[DATA Boundary: Start]
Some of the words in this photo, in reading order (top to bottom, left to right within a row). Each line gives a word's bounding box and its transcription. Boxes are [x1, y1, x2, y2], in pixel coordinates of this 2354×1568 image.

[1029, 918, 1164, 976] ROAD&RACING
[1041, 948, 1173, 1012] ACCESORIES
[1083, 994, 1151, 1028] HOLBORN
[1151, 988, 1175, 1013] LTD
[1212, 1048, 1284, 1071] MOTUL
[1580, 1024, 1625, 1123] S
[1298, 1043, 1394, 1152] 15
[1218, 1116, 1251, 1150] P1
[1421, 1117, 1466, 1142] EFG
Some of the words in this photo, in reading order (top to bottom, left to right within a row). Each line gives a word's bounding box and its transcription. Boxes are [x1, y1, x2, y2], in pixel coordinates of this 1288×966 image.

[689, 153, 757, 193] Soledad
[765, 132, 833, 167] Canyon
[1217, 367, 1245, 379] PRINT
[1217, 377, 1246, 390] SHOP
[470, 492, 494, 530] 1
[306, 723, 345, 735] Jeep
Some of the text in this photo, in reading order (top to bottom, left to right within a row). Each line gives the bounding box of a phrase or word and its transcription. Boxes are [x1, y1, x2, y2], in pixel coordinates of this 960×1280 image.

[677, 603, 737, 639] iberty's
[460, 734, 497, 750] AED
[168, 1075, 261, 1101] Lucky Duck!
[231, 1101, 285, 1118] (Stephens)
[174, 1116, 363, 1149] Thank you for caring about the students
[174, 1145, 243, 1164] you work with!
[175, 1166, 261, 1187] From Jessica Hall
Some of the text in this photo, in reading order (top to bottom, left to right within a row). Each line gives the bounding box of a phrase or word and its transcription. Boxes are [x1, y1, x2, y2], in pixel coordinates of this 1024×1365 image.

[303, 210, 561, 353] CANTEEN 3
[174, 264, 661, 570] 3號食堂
[DATA Boundary: End]
▸ WORK TO COMPLETE: Make an exact transcription of all the records.

▸ WRITTEN ANSWER:
Some of the words in this photo, in reading order (top to bottom, left to right within a row). Each line gives a word's bounding box and its transcription. Boxes are [x1, y1, x2, y2], in pixel coordinates of this 2354×1568 image.

[1029, 918, 1164, 976] ROAD&RACING
[1041, 948, 1173, 1012] ACCESORIES
[1083, 994, 1151, 1028] HOLBORN
[1151, 988, 1175, 1013] LTD
[1212, 1048, 1284, 1071] MOTUL
[1580, 1024, 1625, 1123] S
[1298, 1043, 1394, 1152] 15
[1218, 1116, 1251, 1150] P1
[1421, 1117, 1466, 1142] EFG
Some of the words in this photo, in reading order (top to bottom, left to right within a row). Each line gives a word's bounding box and its transcription. Boxes are [x1, y1, x2, y2], in pixel coordinates of this 1288×966 image.

[689, 153, 757, 193] Soledad
[765, 132, 833, 167] Canyon
[1217, 367, 1245, 379] PRINT
[1217, 377, 1246, 390] SHOP
[470, 492, 494, 530] 1
[306, 723, 345, 735] Jeep
Some of the text in this photo, in reading order (top to bottom, left to right within a row). Each line gives the bounding box of a phrase or word and its transcription. Boxes are [x1, y1, x2, y2], in pixel coordinates of this 960×1280 image.

[677, 603, 737, 639] iberty's
[460, 734, 497, 750] AED
[168, 1075, 261, 1101] Lucky Duck!
[231, 1101, 285, 1118] (Stephens)
[174, 1116, 363, 1149] Thank you for caring about the students
[174, 1145, 243, 1164] you work with!
[175, 1166, 261, 1187] From Jessica Hall
Some of the text in this photo, in reading order (top to bottom, left to right within a row). Each line gives the bounding box of a phrase or word and its transcription. Boxes are [x1, y1, x2, y2], in pixel coordinates of this 1024×1365 image.

[303, 210, 561, 353] CANTEEN 3
[174, 264, 661, 570] 3號食堂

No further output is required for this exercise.